Google starts tracking, encourages worldwide HTTPS usage
Google has added a new section to its Transparency Report, which will allow users to keep an eye on Google’s use of HTTPS, and HTTPS use of the top 100 non-Google sites on the Internet.
“HTTPS is an encrypted HTTP connection,” Google explained for those who still don’t know. “HTTPS relies on encryption—SSL or TLS—to secure the connection. These web connections protect against eavesdroppers, man-in-the-middle attacks, and hijackers who attempt to spoof a trusted website. In other words, it thwarts interception of your information and ensures the integrity of information that you send and receive.”
With this new section, Google is hoping to spur more sites towards using HTTPS, as well as showing the progress of their own efforts.

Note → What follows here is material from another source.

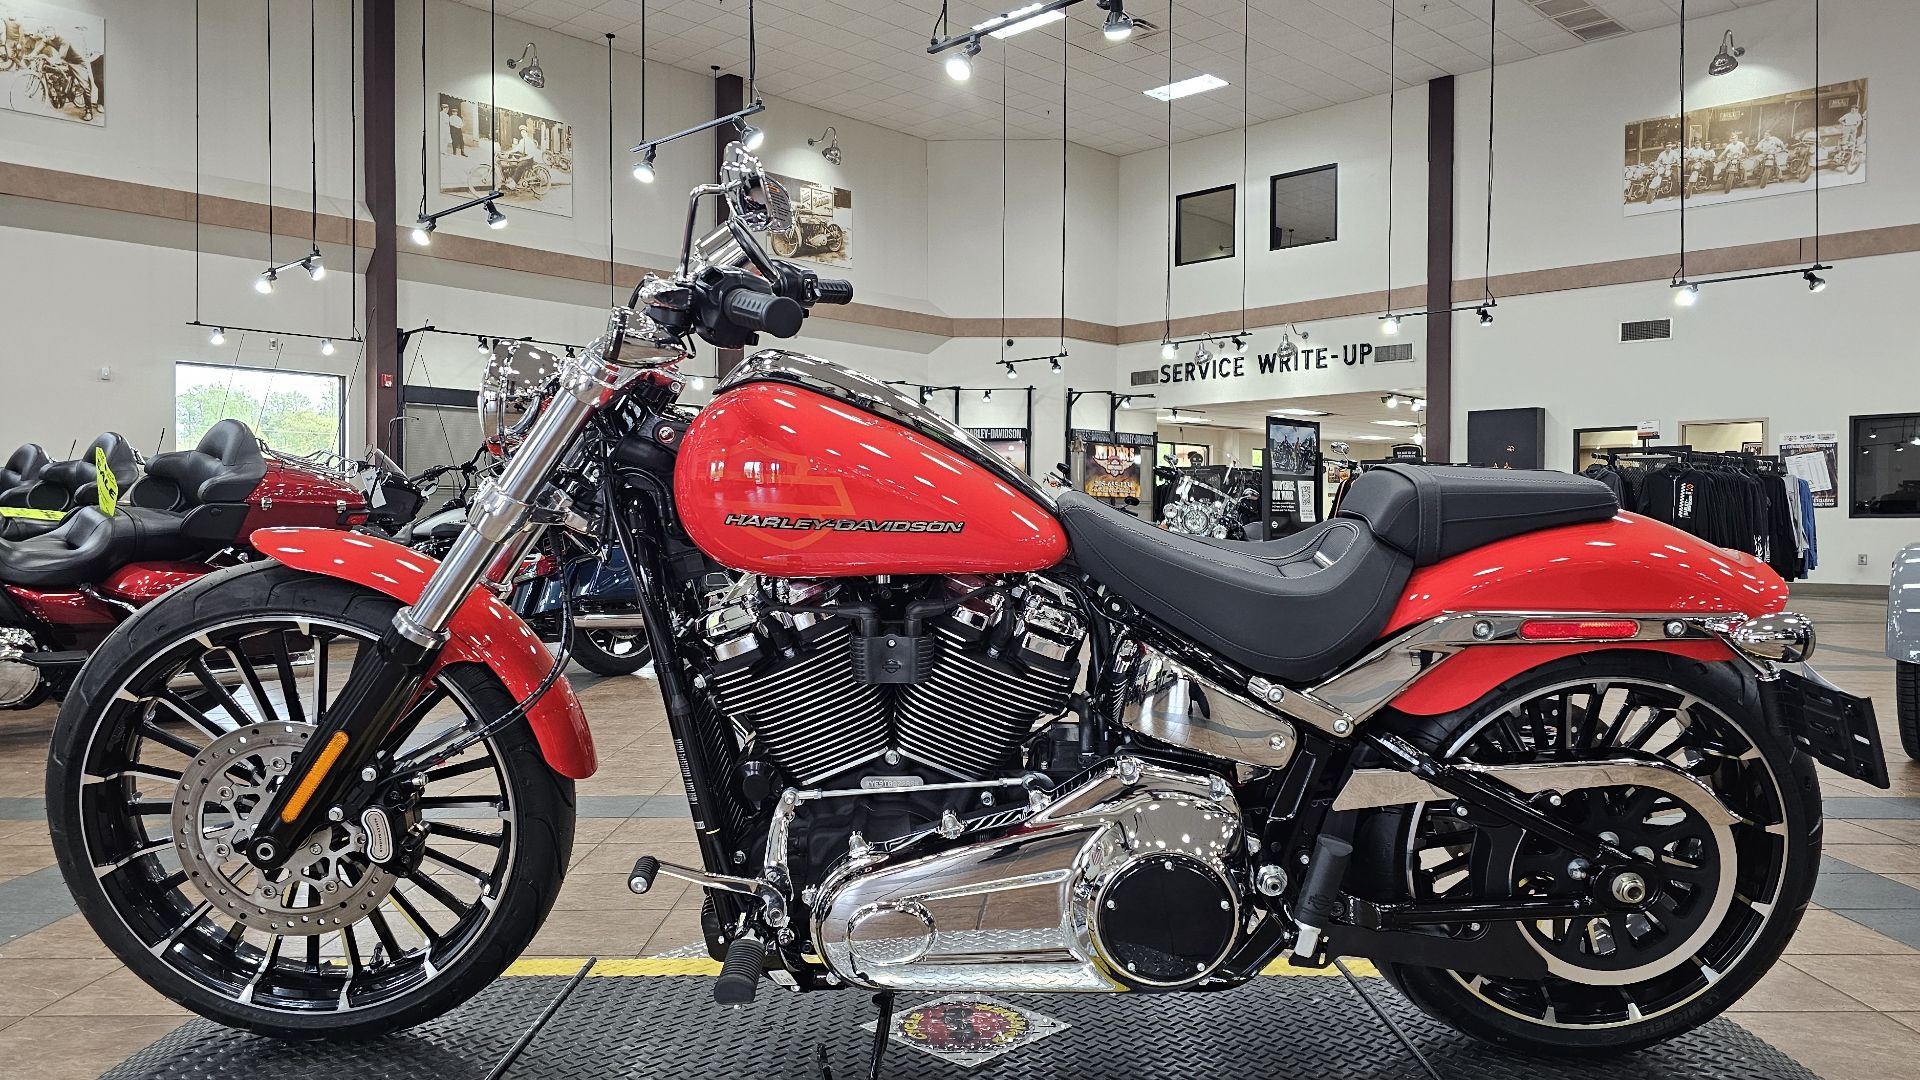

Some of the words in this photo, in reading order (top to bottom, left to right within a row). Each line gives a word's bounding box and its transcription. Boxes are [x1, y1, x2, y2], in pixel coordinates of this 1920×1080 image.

So far, a little over 75 percent of requests sent to Google’s servers are sent via an encrypted connection.
Google Gmail and Drive traffic is executed completely over HTTPS, and the company is working on implementing HTTPS across the rest:
“Google Search shares serving infrastructure with several other products at Google. If we separated out Google Search into its own category, due to the sharing of serving infrastructure, we would not have confidence in the accuracy of that data,” they explained.
They also pointed out the obstacles to attaining full traffic encryption, such as:
- Older software’s and hardware’s inability to support modern encryption technologies (e.g. older mobile phones that are no longer updated)
- Certain organizations’ desire or inability to implement HTTPS
- Certain countries’ and organizations’ efforts to block or degrade HTTPS traffic.
“You should protect your website with HTTPS, even if it doesn’t handle sensitive communications. HTTPS protects the integrity of your website and the privacy and security of your users,” Google noted. “Also, powerful new web platform features are restricted to sites offering HTTPS.”
Not to mention that Google has been prioritising websites using HTTPS in Google Search since August 2014. This might not mean much to the most popular ones, but smaller sites might want to consider start using encryption.
The new section also shows how the top 100 non-Google sites on the Internet do on this front – whether they work on HTTPS, use modern TLS configurations, and whether they use HTTPS by default.
Their analysis showed that tech companies are great at adopting HTTPS – obviously, they consider it important – but that media sites (among others, including porn sites) are not. (By the by, Help Net Security has become “HTTPS only” earlier this year.)
Finally, Google has offered a Certificate Transparency tool, where users can look up certificates for specific sites and check whether they are valid and appropriately issued.